En este pasaje, el autor de Hebreos revela una verdad tan sorprendente como transformadora: Jesús, nuestro gran Sumo Sacerdote, pertenece a un sacerdocio muy superior al linaje levítico, y este siempre fue el plan de Dios. Basándose en Génesis 14, el autor muestra que Melquisedec, rey de Salem y sacerdote del Dios Altísimo, bendijo a Abraham y recibió de él los diezmos. En el mundo bíblico, el mayor bendice al menor, por lo que Melquisedec se muestra como mayor que Abraham.

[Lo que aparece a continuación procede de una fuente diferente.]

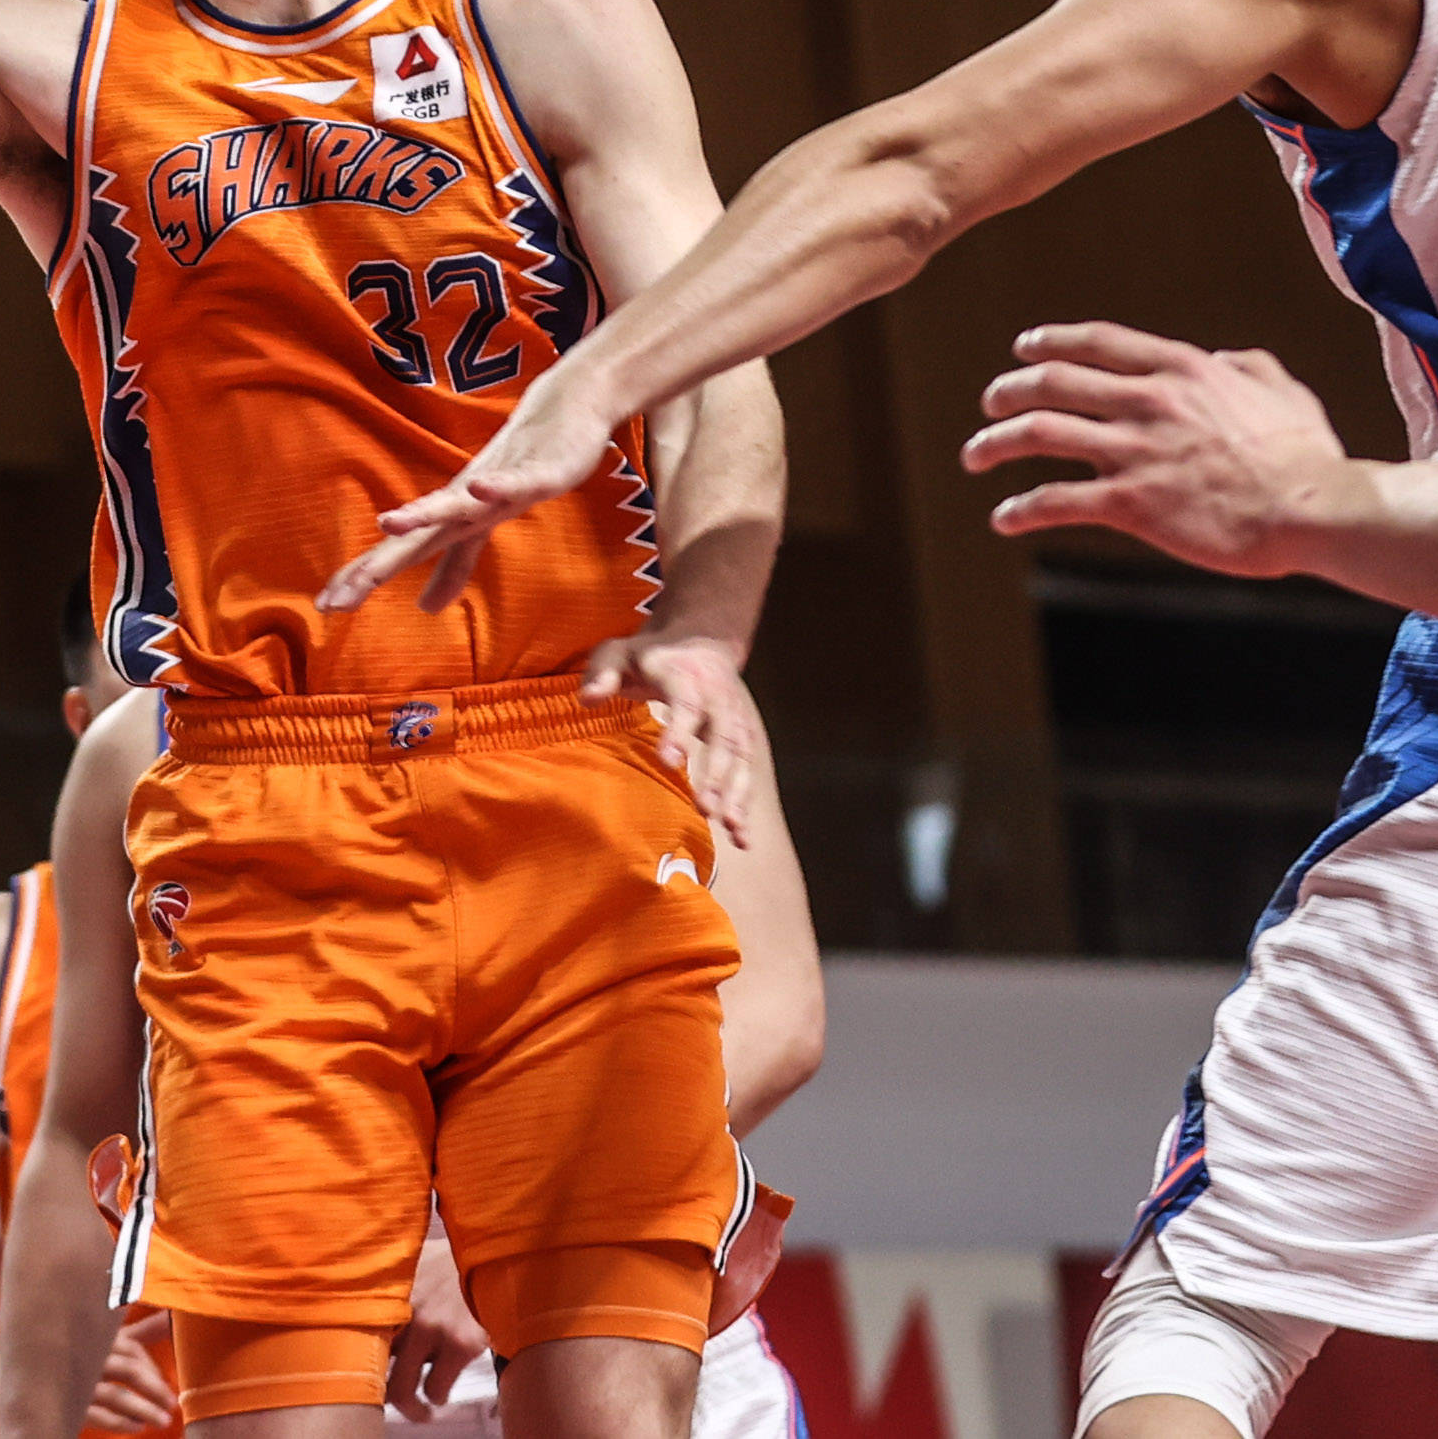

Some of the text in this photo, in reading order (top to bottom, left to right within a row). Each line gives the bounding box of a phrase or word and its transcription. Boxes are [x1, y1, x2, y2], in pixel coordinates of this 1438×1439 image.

Esto es muy importante. Abraham no es un hombre cualquiera, es el padre de Israel, y de él descendió Leví, la tribu del sacerdocio. Pero Leví, por así decirlo, se inclinó ante Melquisedec a través de Abraham. La implicación es clara: el sacerdocio de Melquisedec es mayor. Y si Jesús es un sacerdote “según el orden de Melquisedec” (Salmo 110:4), entonces su sacerdocio es mayor que todo el sistema levítico.
¿Por qué introduciría Dios un nuevo sacerdocio a menos que el antiguo fuera insuficiente? La ley y sus sacerdotes no podían traer la perfección (Hebreos 7:11), pero Jesús sí podía. Los sacerdotes levíticos servían bajo un pacto temporal, marcado por la debilidad y el pecado humanos. Jesús, sin embargo, sirve en el poder de una vida indestructible (Hebreos 7:16). No hereda el sacerdocio por linaje, sino por designación divina, jurada por Dios mismo (Salmo 110:4). Su sacerdocio es eterno, inmutable y eficaz.
Este sacerdocio también se alinea con la relación original de Abraham con Dios, no por la ley, sino por la fe (Gálatas 3:6-9). Jesús es el cumplimiento de la promesa, no solo la continuación del patrón. Su obra trae justicia y acceso a Dios (Romanos 5:18-19), algo que el antiguo pacto nunca pudo lograr.
Por eso nos regocijamos en esta verdad: Jesús es superior. Superior a los ángeles, a los profetas y a todos los sacerdotes terrenales. Él cumple la ley (Mateo 5:17, Romanos 10:4), completa las promesas (Colosenses 2:17, Gálatas 3:24) e intercede por nosotros eternamente.